**** DATA SECTION ****

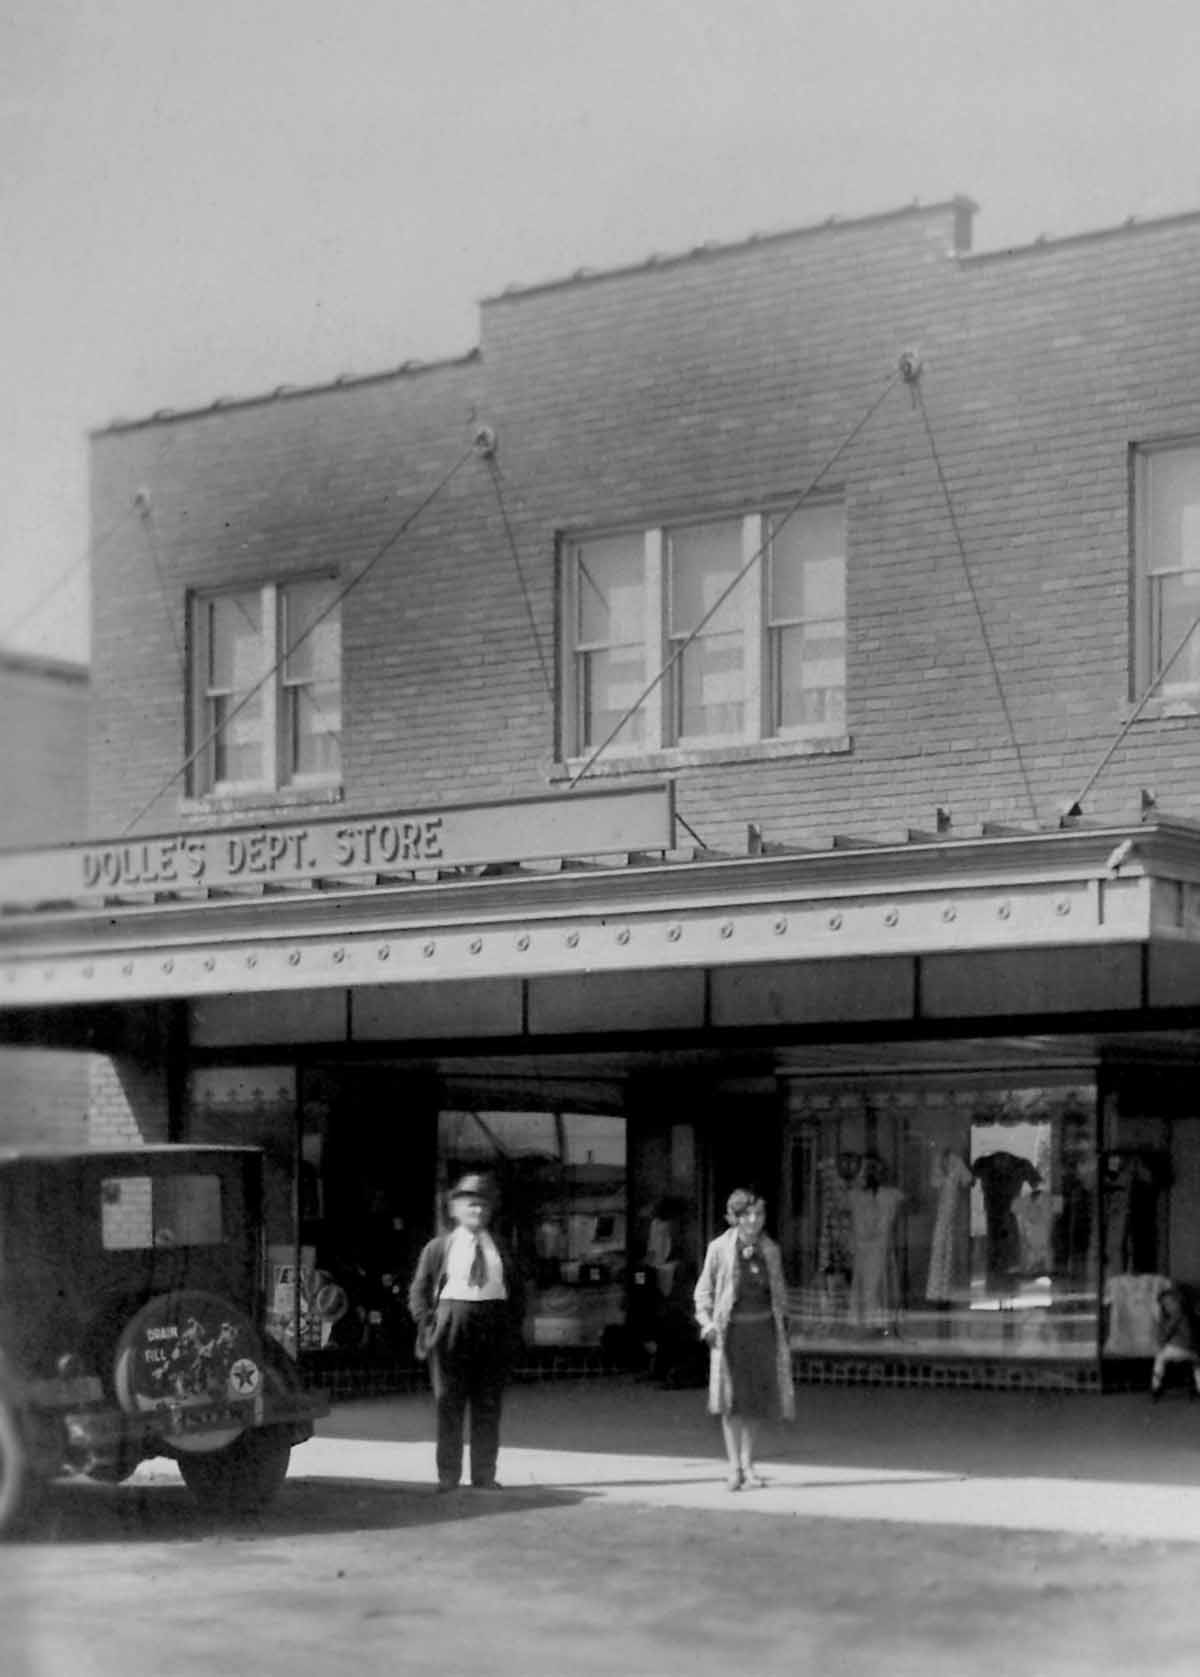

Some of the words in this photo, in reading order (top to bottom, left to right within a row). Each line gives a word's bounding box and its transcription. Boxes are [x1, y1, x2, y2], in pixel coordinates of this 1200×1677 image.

[84, 838, 205, 886] DOLLE'S
[229, 831, 317, 874] DEPT.
[336, 818, 443, 866] STORE
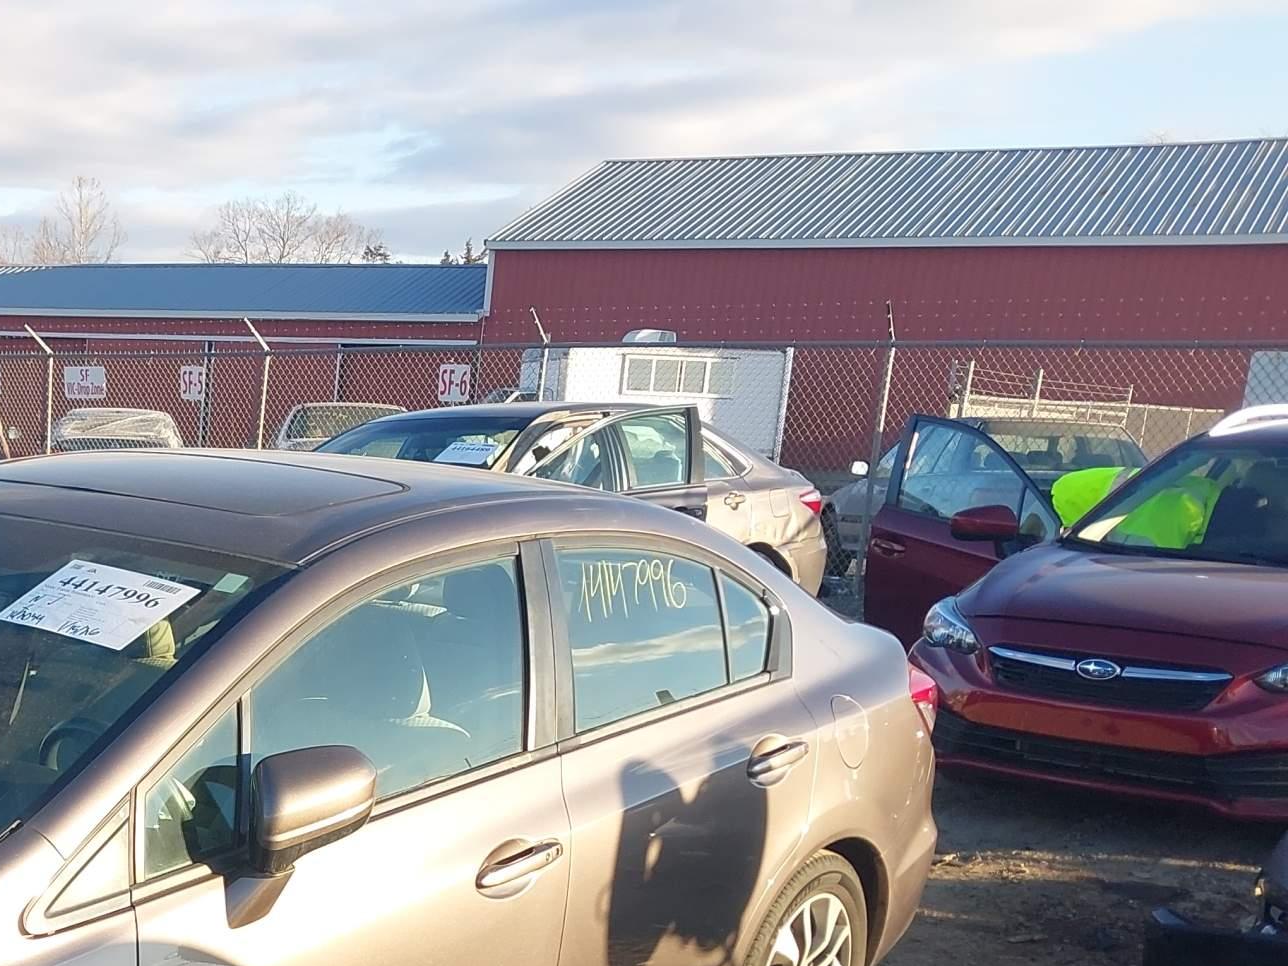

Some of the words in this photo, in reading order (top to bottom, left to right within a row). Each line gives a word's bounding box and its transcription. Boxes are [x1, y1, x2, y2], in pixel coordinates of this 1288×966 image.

[79, 368, 90, 382] SF
[182, 370, 202, 395] SF-5
[439, 369, 467, 396] SF-6
[59, 575, 164, 609] 44147996

****

= WHAT NEEDS TO BE DONE =
Please give again, word for word, only the lines from the one holding "this 1288×966 image." through the end of the listing above.

= SOLUTION TO THIS EXERCISE =
Some of the words in this photo, in reading order (top to bottom, left to right within a row). Each line gives a word's bounding box and its transcription. Boxes are [x1, y1, x2, y2], in pixel coordinates of this 1288×966 image.

[79, 368, 90, 382] SF
[182, 370, 202, 395] SF-5
[439, 369, 467, 396] SF-6
[59, 575, 164, 609] 44147996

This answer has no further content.